WHAT IS REQUIRED. Could you write out each entry exactly as it reads?

SUPPLIED MATERIAL.
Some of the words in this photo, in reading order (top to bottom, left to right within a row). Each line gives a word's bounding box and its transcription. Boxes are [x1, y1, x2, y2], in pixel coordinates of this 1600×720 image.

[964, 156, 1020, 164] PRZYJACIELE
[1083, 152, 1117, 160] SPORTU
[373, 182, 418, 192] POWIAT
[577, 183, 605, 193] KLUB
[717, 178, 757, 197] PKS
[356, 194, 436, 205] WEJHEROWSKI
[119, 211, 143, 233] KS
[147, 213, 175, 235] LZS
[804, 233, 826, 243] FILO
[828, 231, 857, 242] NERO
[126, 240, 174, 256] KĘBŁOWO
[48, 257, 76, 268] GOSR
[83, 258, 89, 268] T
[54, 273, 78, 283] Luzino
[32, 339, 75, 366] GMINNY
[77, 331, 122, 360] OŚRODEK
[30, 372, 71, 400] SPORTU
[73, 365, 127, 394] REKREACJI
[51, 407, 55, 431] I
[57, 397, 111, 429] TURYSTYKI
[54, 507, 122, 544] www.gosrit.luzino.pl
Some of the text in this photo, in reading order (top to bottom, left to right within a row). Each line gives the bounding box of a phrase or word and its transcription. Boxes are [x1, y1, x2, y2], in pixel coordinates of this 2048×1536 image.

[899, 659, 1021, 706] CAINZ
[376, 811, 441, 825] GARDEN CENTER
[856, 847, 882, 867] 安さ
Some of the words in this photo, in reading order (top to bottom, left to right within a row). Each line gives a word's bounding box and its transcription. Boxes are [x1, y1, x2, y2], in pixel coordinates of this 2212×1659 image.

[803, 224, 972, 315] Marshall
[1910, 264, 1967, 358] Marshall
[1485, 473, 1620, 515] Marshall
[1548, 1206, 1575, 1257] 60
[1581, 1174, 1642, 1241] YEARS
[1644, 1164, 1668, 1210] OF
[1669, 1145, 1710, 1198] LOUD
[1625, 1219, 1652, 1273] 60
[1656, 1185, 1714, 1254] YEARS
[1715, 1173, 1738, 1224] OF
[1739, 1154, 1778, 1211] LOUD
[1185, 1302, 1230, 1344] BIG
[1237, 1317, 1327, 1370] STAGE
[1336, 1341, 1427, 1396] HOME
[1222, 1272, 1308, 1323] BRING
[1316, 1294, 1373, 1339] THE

TASK RESPONSE.
Some of the words in this photo, in reading order (top to bottom, left to right within a row). Each line gives a word's bounding box and its transcription. Boxes are [x1, y1, x2, y2], in pixel coordinates of this 1600×720 image.

[964, 156, 1020, 164] PRZYJACIELE
[1083, 152, 1117, 160] SPORTU
[373, 182, 418, 192] POWIAT
[577, 183, 605, 193] KLUB
[717, 178, 757, 197] PKS
[356, 194, 436, 205] WEJHEROWSKI
[119, 211, 143, 233] KS
[147, 213, 175, 235] LZS
[804, 233, 826, 243] FILO
[828, 231, 857, 242] NERO
[126, 240, 174, 256] KĘBŁOWO
[48, 257, 76, 268] GOSR
[83, 258, 89, 268] T
[54, 273, 78, 283] Luzino
[32, 339, 75, 366] GMINNY
[77, 331, 122, 360] OŚRODEK
[30, 372, 71, 400] SPORTU
[73, 365, 127, 394] REKREACJI
[51, 407, 55, 431] I
[57, 397, 111, 429] TURYSTYKI
[54, 507, 122, 544] www.gosrit.luzino.pl
Some of the text in this photo, in reading order (top to bottom, left to right within a row). Each line gives the bounding box of a phrase or word and its transcription. Boxes are [x1, y1, x2, y2], in pixel coordinates of this 2048×1536 image.

[899, 659, 1021, 706] CAINZ
[376, 811, 441, 825] GARDEN CENTER
[856, 847, 882, 867] 安さ
Some of the words in this photo, in reading order (top to bottom, left to right within a row). Each line gives a word's bounding box and its transcription. Boxes are [x1, y1, x2, y2], in pixel coordinates of this 2212×1659 image.

[803, 224, 972, 315] Marshall
[1910, 264, 1967, 358] Marshall
[1485, 473, 1620, 515] Marshall
[1548, 1206, 1575, 1257] 60
[1581, 1174, 1642, 1241] YEARS
[1644, 1164, 1668, 1210] OF
[1669, 1145, 1710, 1198] LOUD
[1625, 1219, 1652, 1273] 60
[1656, 1185, 1714, 1254] YEARS
[1715, 1173, 1738, 1224] OF
[1739, 1154, 1778, 1211] LOUD
[1185, 1302, 1230, 1344] BIG
[1237, 1317, 1327, 1370] STAGE
[1336, 1341, 1427, 1396] HOME
[1222, 1272, 1308, 1323] BRING
[1316, 1294, 1373, 1339] THE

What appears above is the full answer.